# Better Data Science | Hyperparameter Tuning with GridSearch

- Library imports
- You'll use the Iris dataset for training and tuning

In [1]:
import pandas as pd
from sklearn.tree import DecisionTreeClassifier
from sklearn.model_selection import train_test_split, GridSearchCV
from sklearn.metrics import accuracy_score, confusion_matrix

iris = pd.read_csv('https://gist.githubusercontent.com/curran/a08a1080b88344b0c8a7/raw/0e7a9b0a5d22642a06d3d5b9bcbad9890c8ee534/iris.csv')
iris.head()

Unnamed: 0,sepal_length,sepal_width,petal_length,petal_width,species
0,5.1,3.5,1.4,0.2,setosa
1,4.9,3.0,1.4,0.2,setosa
2,4.7,3.2,1.3,0.2,setosa
3,4.6,3.1,1.5,0.2,setosa
4,5.0,3.6,1.4,0.2,setosa


- Separate the dataset on features (X) and target (y)
- Make the train/test split

In [6]:
X = iris.drop('species', axis=1)
y = iris['species']

X_train, X_test, y_train, y_test = train_test_split(X, y, test_size=0.25)

<br>

## Baseline model
- Model with default hyperparameters

In [7]:
model = DecisionTreeClassifier()
model.fit(X_train, y_train)
preds = model.predict(X_test)

print(f'Accuracy = {round(accuracy_score(y_test, preds), 2)}')
print()
print(confusion_matrix(y_test, preds))

Accuracy = 0.97

[[17  0  0]
 [ 0  7  1]
 [ 0  0 13]]


<br>

## Manual hyperparameter optimization - Method #1
- Declare parameter dictionaries beforehand
- Train and evaluate multiple models
- Can become really tedious really fast
- Not scalable

In [8]:
# 3 sets of hyperparameters
params_1 = {'criterion': 'gini', 'splitter': 'best', 'max_depth': 10}
params_2 = {'criterion': 'entropy', 'splitter': 'random', 'max_depth': 1000}
params_3 = {'criterion': 'gini', 'splitter': 'random', 'max_depth': 100}

# 3 separate models
model_1 = DecisionTreeClassifier(**params_1)
model_2 = DecisionTreeClassifier(**params_2)
model_3 = DecisionTreeClassifier(**params_3)
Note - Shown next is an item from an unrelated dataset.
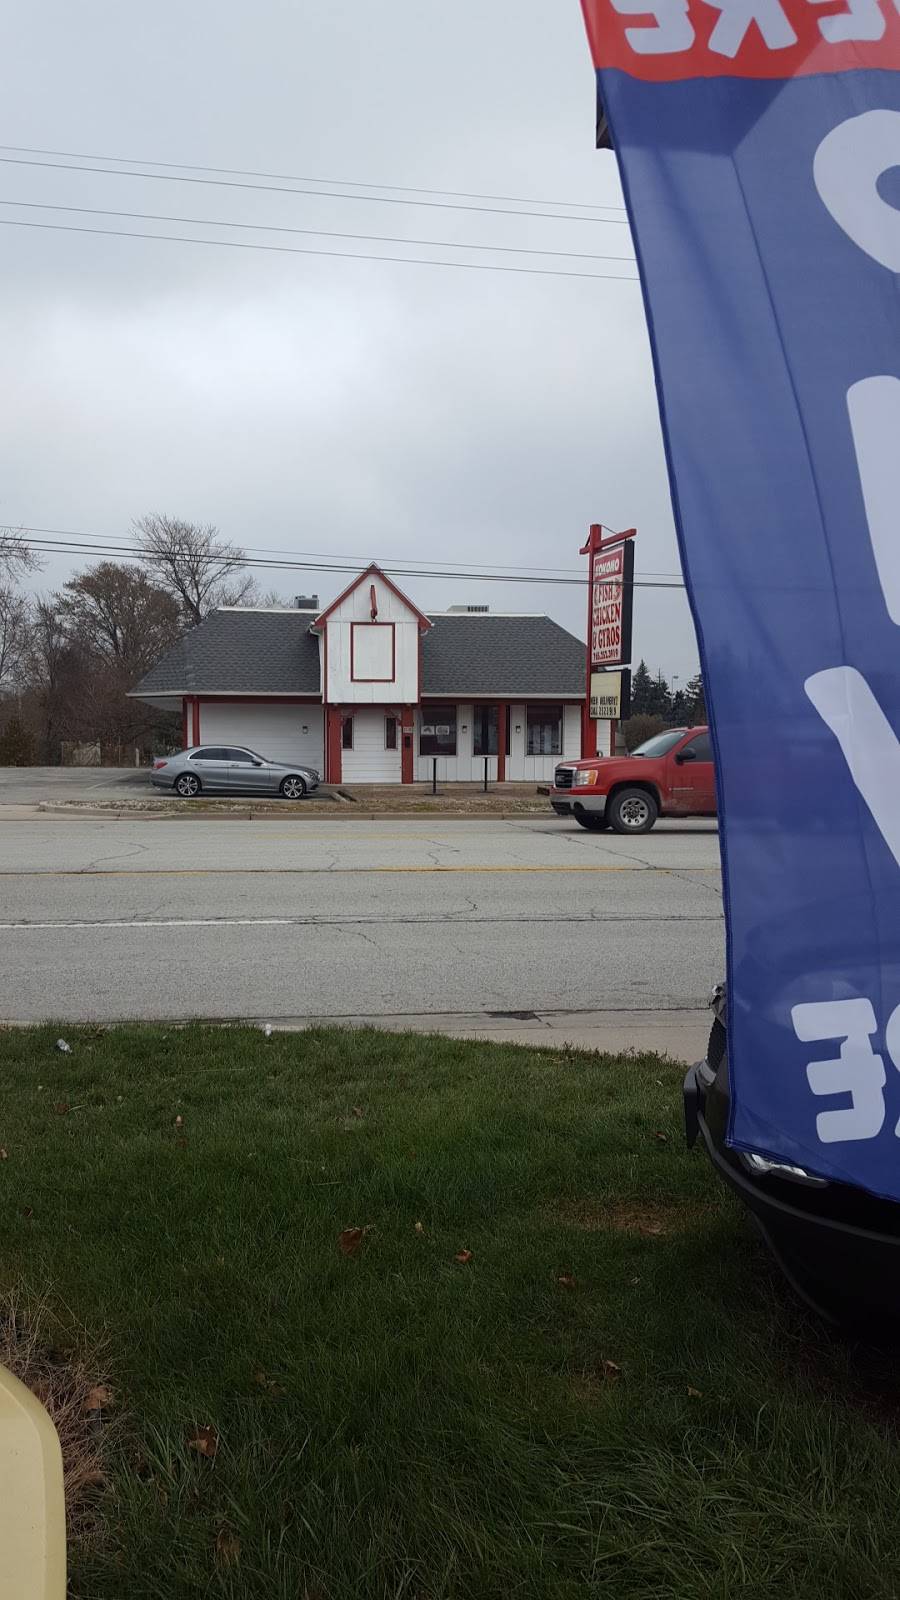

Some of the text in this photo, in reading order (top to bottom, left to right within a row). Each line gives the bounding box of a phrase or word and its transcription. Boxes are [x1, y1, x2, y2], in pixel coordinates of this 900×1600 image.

[598, 581, 613, 603] FISH
[593, 602, 621, 627] CHICKEN
[598, 626, 620, 649] GYROS
model_1.fit(X_train, y_train)
model_2.fit(X_train, y_train)
model_3.fit(X_train, y_train)

# 3 separate prediction sets
preds_1 = model_1.predict(X_test)
preds_2 = model_3.predict(X_test)
preds_3 = model_2.predict(X_test)

print(f'Accuracy on Model 1 = {round(accuracy_score(y_test, preds_1), 5)}')
print(f'Accuracy on Model 2 = {round(accuracy_score(y_test, preds_2), 5)}')
print(f'Accuracy on Model 3 = {round(accuracy_score(y_test, preds_3), 5)}')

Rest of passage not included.